TASK BRIEF – Each record is to be copied exactly as written.
BEGIN RECORD EXCERPTS
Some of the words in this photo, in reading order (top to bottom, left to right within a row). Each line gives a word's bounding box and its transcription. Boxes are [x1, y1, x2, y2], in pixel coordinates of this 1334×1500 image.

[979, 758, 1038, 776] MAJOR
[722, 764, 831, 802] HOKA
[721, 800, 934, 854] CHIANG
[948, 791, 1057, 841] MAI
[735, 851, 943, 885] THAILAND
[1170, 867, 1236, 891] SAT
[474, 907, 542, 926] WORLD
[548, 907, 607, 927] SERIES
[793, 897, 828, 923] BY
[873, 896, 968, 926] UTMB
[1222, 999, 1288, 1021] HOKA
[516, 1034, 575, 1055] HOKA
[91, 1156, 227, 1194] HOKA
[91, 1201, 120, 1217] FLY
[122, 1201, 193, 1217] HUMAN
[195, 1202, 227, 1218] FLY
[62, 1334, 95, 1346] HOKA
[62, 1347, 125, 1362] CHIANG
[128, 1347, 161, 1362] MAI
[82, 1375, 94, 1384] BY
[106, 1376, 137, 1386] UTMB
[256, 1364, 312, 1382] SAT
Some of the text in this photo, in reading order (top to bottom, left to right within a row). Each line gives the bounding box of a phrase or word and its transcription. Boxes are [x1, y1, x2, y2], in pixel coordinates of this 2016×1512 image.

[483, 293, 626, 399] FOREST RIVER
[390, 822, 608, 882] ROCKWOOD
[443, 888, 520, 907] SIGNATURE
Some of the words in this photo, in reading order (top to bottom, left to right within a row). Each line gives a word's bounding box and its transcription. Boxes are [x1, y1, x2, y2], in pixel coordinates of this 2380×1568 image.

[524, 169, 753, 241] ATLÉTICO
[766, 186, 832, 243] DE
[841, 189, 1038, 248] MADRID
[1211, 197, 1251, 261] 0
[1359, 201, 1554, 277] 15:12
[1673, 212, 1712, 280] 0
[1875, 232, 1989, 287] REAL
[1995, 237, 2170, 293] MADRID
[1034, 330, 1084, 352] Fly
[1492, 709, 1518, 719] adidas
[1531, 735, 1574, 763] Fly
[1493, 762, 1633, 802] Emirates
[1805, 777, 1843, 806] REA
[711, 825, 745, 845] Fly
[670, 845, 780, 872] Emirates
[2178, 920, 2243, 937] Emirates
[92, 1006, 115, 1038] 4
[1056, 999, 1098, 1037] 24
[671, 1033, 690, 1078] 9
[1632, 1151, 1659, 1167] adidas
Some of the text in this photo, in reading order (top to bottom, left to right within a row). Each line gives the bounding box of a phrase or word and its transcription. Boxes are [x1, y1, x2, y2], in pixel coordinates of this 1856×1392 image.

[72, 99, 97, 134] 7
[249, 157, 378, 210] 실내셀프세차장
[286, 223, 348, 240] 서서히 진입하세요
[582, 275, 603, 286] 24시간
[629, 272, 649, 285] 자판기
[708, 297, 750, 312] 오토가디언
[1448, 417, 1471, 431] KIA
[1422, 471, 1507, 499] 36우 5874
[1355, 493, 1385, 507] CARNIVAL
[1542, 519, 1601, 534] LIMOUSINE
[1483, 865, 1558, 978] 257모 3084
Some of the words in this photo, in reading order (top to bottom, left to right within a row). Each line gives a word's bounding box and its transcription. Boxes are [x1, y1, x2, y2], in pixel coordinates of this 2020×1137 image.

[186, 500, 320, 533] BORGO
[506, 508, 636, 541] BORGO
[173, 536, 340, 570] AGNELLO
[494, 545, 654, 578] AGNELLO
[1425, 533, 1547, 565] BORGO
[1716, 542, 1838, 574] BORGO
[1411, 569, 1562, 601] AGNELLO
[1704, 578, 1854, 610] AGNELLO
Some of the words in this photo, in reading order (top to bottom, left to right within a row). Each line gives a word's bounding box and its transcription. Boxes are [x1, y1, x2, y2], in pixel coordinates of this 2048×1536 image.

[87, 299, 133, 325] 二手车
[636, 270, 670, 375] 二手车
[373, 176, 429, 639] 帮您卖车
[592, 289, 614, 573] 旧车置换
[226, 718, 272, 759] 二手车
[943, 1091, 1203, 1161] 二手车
END RECORD EXCERPTS
TASK SOLUTION –
Some of the words in this photo, in reading order (top to bottom, left to right within a row). Each line gives a word's bounding box and its transcription. Boxes are [x1, y1, x2, y2], in pixel coordinates of this 1334×1500 image.

[979, 758, 1038, 776] MAJOR
[722, 764, 831, 802] HOKA
[721, 800, 934, 854] CHIANG
[948, 791, 1057, 841] MAI
[735, 851, 943, 885] THAILAND
[1170, 867, 1236, 891] SAT
[474, 907, 542, 926] WORLD
[548, 907, 607, 927] SERIES
[793, 897, 828, 923] BY
[873, 896, 968, 926] UTMB
[1222, 999, 1288, 1021] HOKA
[516, 1034, 575, 1055] HOKA
[91, 1156, 227, 1194] HOKA
[91, 1201, 120, 1217] FLY
[122, 1201, 193, 1217] HUMAN
[195, 1202, 227, 1218] FLY
[62, 1334, 95, 1346] HOKA
[62, 1347, 125, 1362] CHIANG
[128, 1347, 161, 1362] MAI
[82, 1375, 94, 1384] BY
[106, 1376, 137, 1386] UTMB
[256, 1364, 312, 1382] SAT
Some of the text in this photo, in reading order (top to bottom, left to right within a row). Each line gives the bounding box of a phrase or word and its transcription. Boxes are [x1, y1, x2, y2], in pixel coordinates of this 2016×1512 image.

[483, 293, 626, 399] FOREST RIVER
[390, 822, 608, 882] ROCKWOOD
[443, 888, 520, 907] SIGNATURE
Some of the words in this photo, in reading order (top to bottom, left to right within a row). Each line gives a word's bounding box and its transcription. Boxes are [x1, y1, x2, y2], in pixel coordinates of this 2380×1568 image.

[524, 169, 753, 241] ATLÉTICO
[766, 186, 832, 243] DE
[841, 189, 1038, 248] MADRID
[1211, 197, 1251, 261] 0
[1359, 201, 1554, 277] 15:12
[1673, 212, 1712, 280] 0
[1875, 232, 1989, 287] REAL
[1995, 237, 2170, 293] MADRID
[1034, 330, 1084, 352] Fly
[1492, 709, 1518, 719] adidas
[1531, 735, 1574, 763] Fly
[1493, 762, 1633, 802] Emirates
[1805, 777, 1843, 806] REA
[711, 825, 745, 845] Fly
[670, 845, 780, 872] Emirates
[2178, 920, 2243, 937] Emirates
[92, 1006, 115, 1038] 4
[1056, 999, 1098, 1037] 24
[671, 1033, 690, 1078] 9
[1632, 1151, 1659, 1167] adidas
Some of the text in this photo, in reading order (top to bottom, left to right within a row). Each line gives the bounding box of a phrase or word and its transcription. Boxes are [x1, y1, x2, y2], in pixel coordinates of this 1856×1392 image.

[72, 99, 97, 134] 7
[249, 157, 378, 210] 실내셀프세차장
[286, 223, 348, 240] 서서히 진입하세요
[582, 275, 603, 286] 24시간
[629, 272, 649, 285] 자판기
[708, 297, 750, 312] 오토가디언
[1448, 417, 1471, 431] KIA
[1422, 471, 1507, 499] 36우 5874
[1355, 493, 1385, 507] CARNIVAL
[1542, 519, 1601, 534] LIMOUSINE
[1483, 865, 1558, 978] 257모 3084
Some of the words in this photo, in reading order (top to bottom, left to right within a row). Each line gives a word's bounding box and its transcription. Boxes are [x1, y1, x2, y2], in pixel coordinates of this 2020×1137 image.

[186, 500, 320, 533] BORGO
[506, 508, 636, 541] BORGO
[173, 536, 340, 570] AGNELLO
[494, 545, 654, 578] AGNELLO
[1425, 533, 1547, 565] BORGO
[1716, 542, 1838, 574] BORGO
[1411, 569, 1562, 601] AGNELLO
[1704, 578, 1854, 610] AGNELLO
Some of the words in this photo, in reading order (top to bottom, left to right within a row). Each line gives a word's bounding box and its transcription. Boxes are [x1, y1, x2, y2], in pixel coordinates of this 2048×1536 image.

[87, 299, 133, 325] 二手车
[636, 270, 670, 375] 二手车
[373, 176, 429, 639] 帮您卖车
[592, 289, 614, 573] 旧车置换
[226, 718, 272, 759] 二手车
[943, 1091, 1203, 1161] 二手车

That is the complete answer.